WASHINGTON - El presidente de la Reserva Federal estadounidense (Fed), Ben Bernanke, admitió hoy por primera vez el riesgo de una recesión en Estados Unidos y justificó el rescate del banco Bear Stearns por los "graves" efectos que una quiebra habría ejercido sobre la economía.

"Una recesión es posible", afirmó Bernanke al responder a pregundas tras un discurso en el Congreso.

"Por ahora no puedo decir si Estados Unidos tendrá que pasar por esa situación", dijo, pero "está claro que estamos en un período de crecimiento lento", añadió.

"El producto interno bruto (PIB) no va a crecer mucho, si es que crece, durante el primer semestre de 2008, y puede incluso contraerse ligeramente", había afirmado minutos antes en su discurso ante el Congreso.

Una de las definiciones de recesión es registrar dos trimestres consecutivos de baja del PIB.

Bernanke subrayó que las perspectivas de corto plazo se habían debilitado con relación a fines de enero.

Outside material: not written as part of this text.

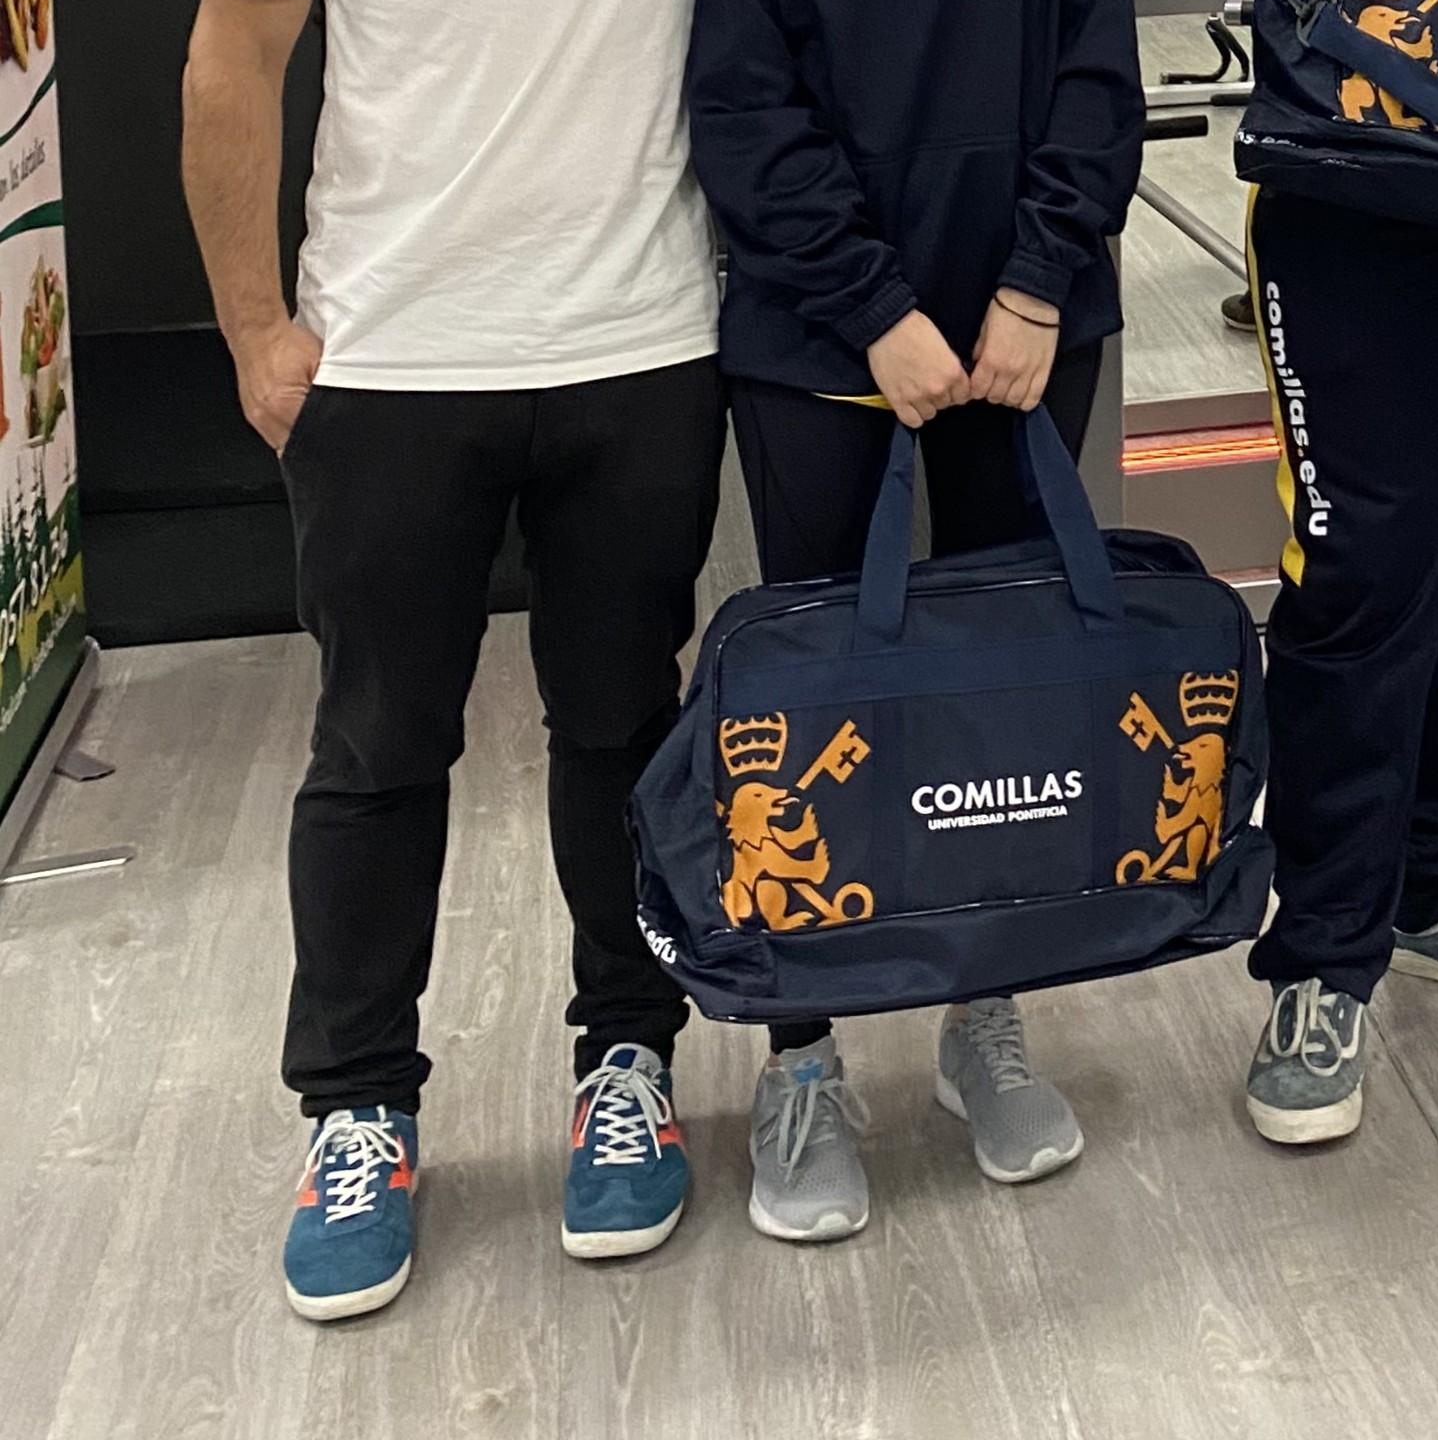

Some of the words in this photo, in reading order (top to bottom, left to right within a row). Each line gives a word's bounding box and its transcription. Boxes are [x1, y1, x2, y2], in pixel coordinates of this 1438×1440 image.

[1266, 281, 1332, 536] comillas.edu
[911, 770, 1083, 815] COMILLAS
[928, 811, 1005, 830] UNIVERSIDAD
[1008, 805, 1067, 822] PONTIFICIA

La Fed preveía también un crecimiento de 1,3% a 2,0% este año.

Bernanke pronosticó una nueva contracción de la construcción de viviendas y un "cierto aumento" del desempleo en los próximos meses.

La Bolsa de Nueva York se replegó levemente luego de que Bernanke evocara la posibilidad de una recesión: el Dow Jones bajó 0,36% y el Nasdaq perdió 0,06%.

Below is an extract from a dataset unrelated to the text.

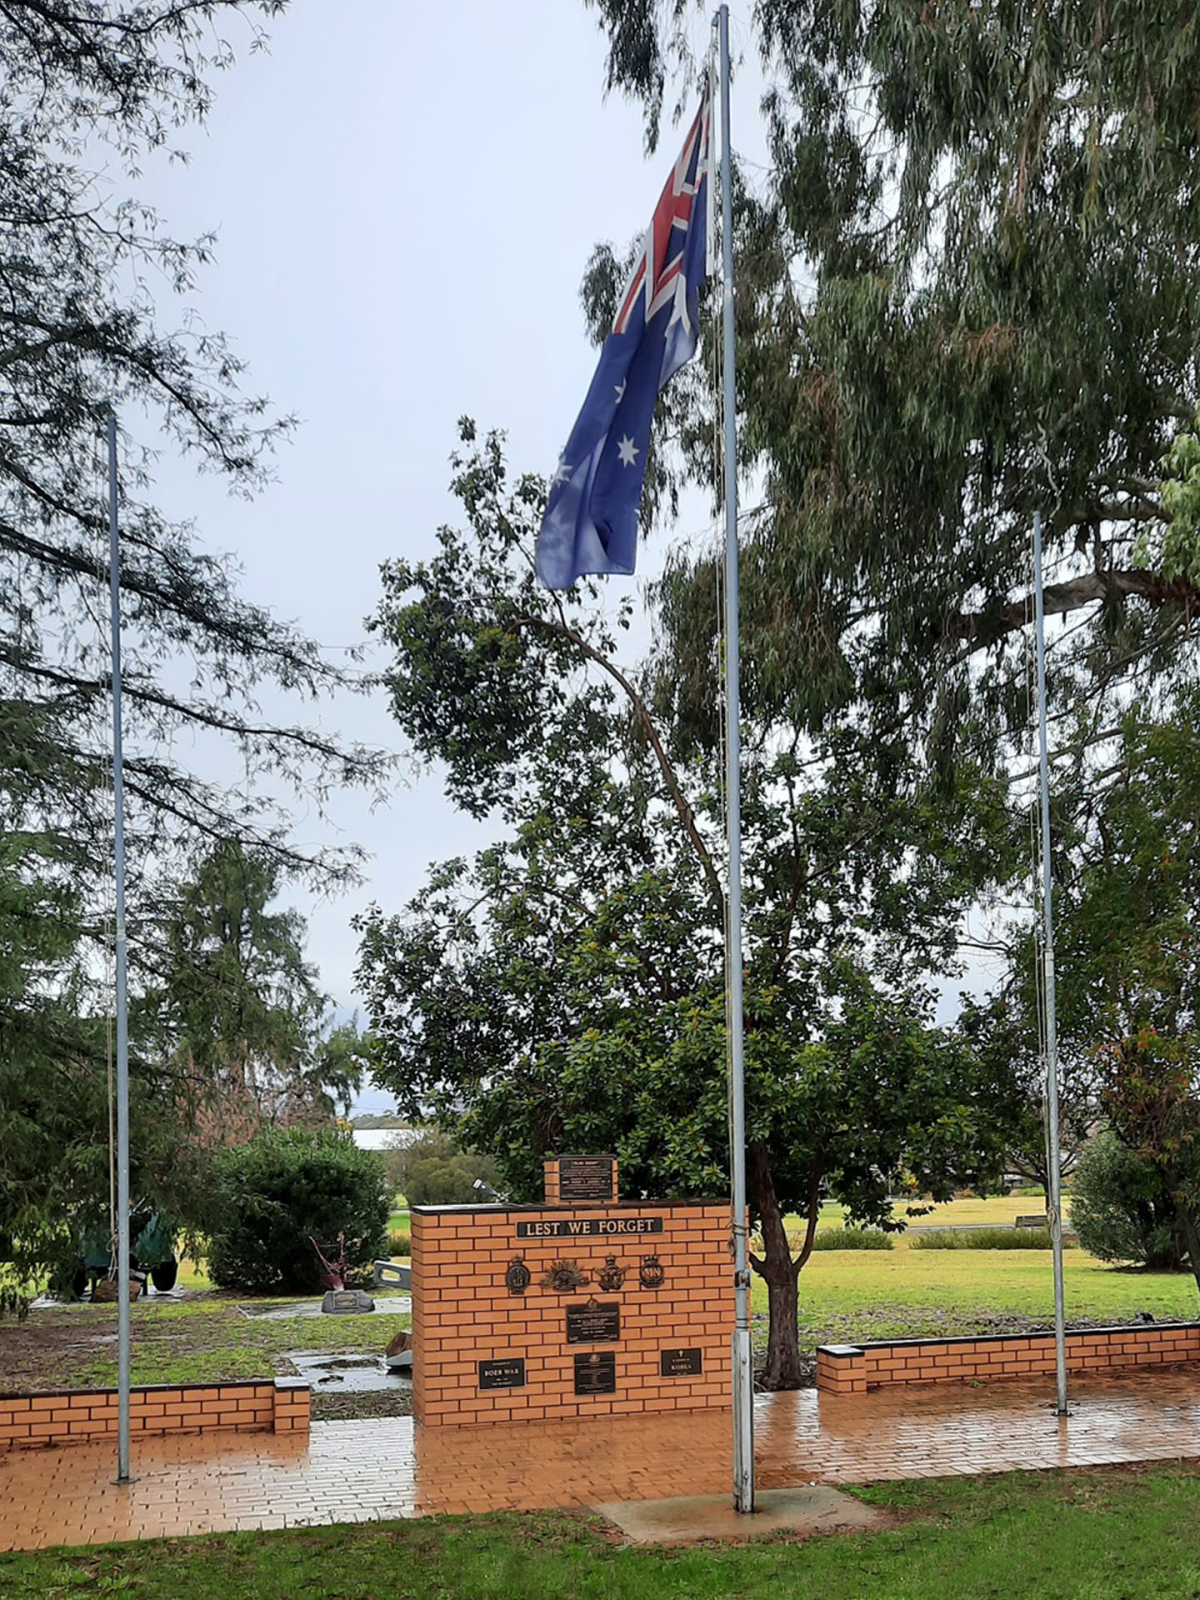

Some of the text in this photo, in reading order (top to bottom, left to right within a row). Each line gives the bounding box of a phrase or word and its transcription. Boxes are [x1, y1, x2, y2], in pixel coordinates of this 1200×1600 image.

La audiencia del presidente de la Fed "tuvo un impacto negativo sobre Wall Street", comentó Anthony Grech, analista de IG Index.

El presidente de la Fed dijo sentirse más optimista con relación al futuro.

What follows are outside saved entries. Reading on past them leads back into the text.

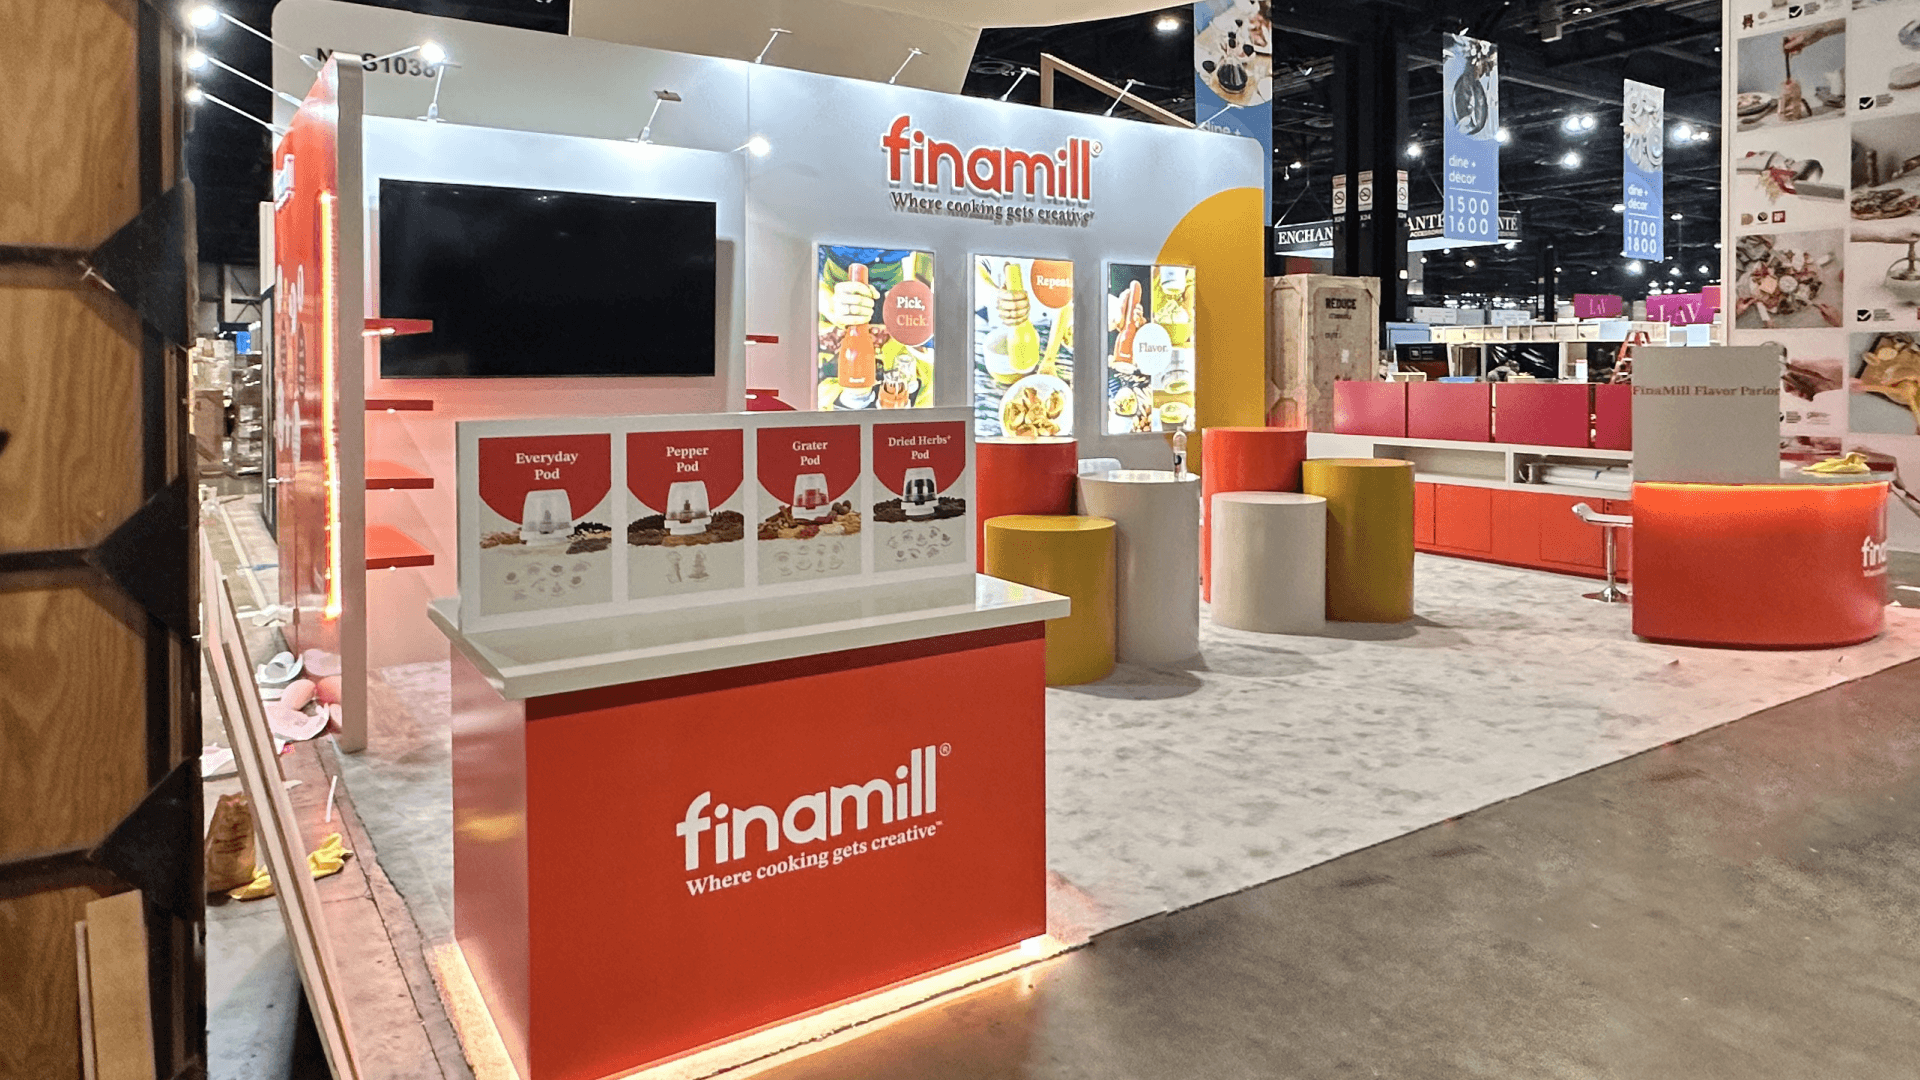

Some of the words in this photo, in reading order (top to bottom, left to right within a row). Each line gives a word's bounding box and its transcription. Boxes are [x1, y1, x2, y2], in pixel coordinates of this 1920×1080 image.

[1449, 155, 1469, 168] dine
[890, 191, 943, 212] Where
[946, 199, 1003, 219] cooking
[1006, 206, 1034, 223] gets
[1449, 195, 1489, 215] 1500
[1449, 215, 1489, 235] 1600
[1628, 219, 1657, 237] 1700
[1627, 236, 1657, 254] 1800
[897, 296, 925, 311] Pick,
[1139, 342, 1169, 353] Flavor.
[1632, 386, 1690, 396] FinaMill
[1694, 386, 1737, 396] Flavor
[1740, 386, 1781, 396] Parlor
[792, 440, 828, 451] Grater
[888, 436, 916, 447] Dried
[515, 451, 578, 465] Everyday
[666, 446, 709, 459] Pepper
[911, 450, 930, 460] Pod
[676, 461, 699, 472] Pod
[800, 455, 821, 466] Pod
[534, 468, 560, 480] Pod
[686, 867, 752, 896] Where
[756, 851, 829, 880] cooking
[832, 839, 868, 865] gets

"La actividad económica debe fortalecerse en el segundo semestre, debido principalmente a las políticas monetarias y presupuestarias", afirmó, aludiendo a un vasto plan de reactivación de 168.000 millones de dólares del gobierno y a bajas sucesivas de las tasas del banco central, que llevó su tasa rectora a 2,25% (contra 5,25% a mediados de 2007).

En 2009, "el crecimiento debe alcanzar su velocidad de crucero, o un poco más", sostenido por la estabilización del sector inmobiliario "aunque a un nivel bajo" y una mejora gradual de las condiciones financieras, expresó.

Bernanke subrayó de todos modos que, debido a la reciente turbulencia que sacudió a los mercados financieros, estas previsiones estaban teñidas de una incertidumbre "elevada" y admitió que existía el riesgo de que se revelaran demasiado optimistas.

El presidente del banco central se refirió largamente a la controvertida intervención de la Fed en favor del banco de inversiones Bear Stearns, con la que evitó la quiebra, al organizar su adquisición por el competidor JPMorgan a mediados de marzo.

"No hemos salvado a Bear Stearns", afirmó, y precisó que existe "una percepción errónea sobre este punto".

"Actuamos así porque teníamos el sentimiento de que era necesario para preservar la integridad del sistema financiero, que es fundamental para la salud de la economía", argumentó.

Normalmente, el mercado debería decidir qué empresas sobreviven, pero "los problemas que se presentaban en este caso iban mucho más allá que la mera suerte de una empresa", agregó.

Algunos profesionales del mercado vieron en la intervención de la Fed un fortalecimiento del sentimiento de "impunidad moral", por el cual los inversionistas pueden creer que siempre habrá alguien que los rescate de las consecuencias de sus decisiones equivocadas.

Sin embargo, en un contexto de condiciones financieras frágiles, una quiebra no habría pesado sólo sobre el sistema financiero "sino habría dejado la economía muy frágil", con consecuencias "imprevisibles pero sin duda graves" para el funcionamiento de los mercados y para la economía como un todo", afirmó Bernanke.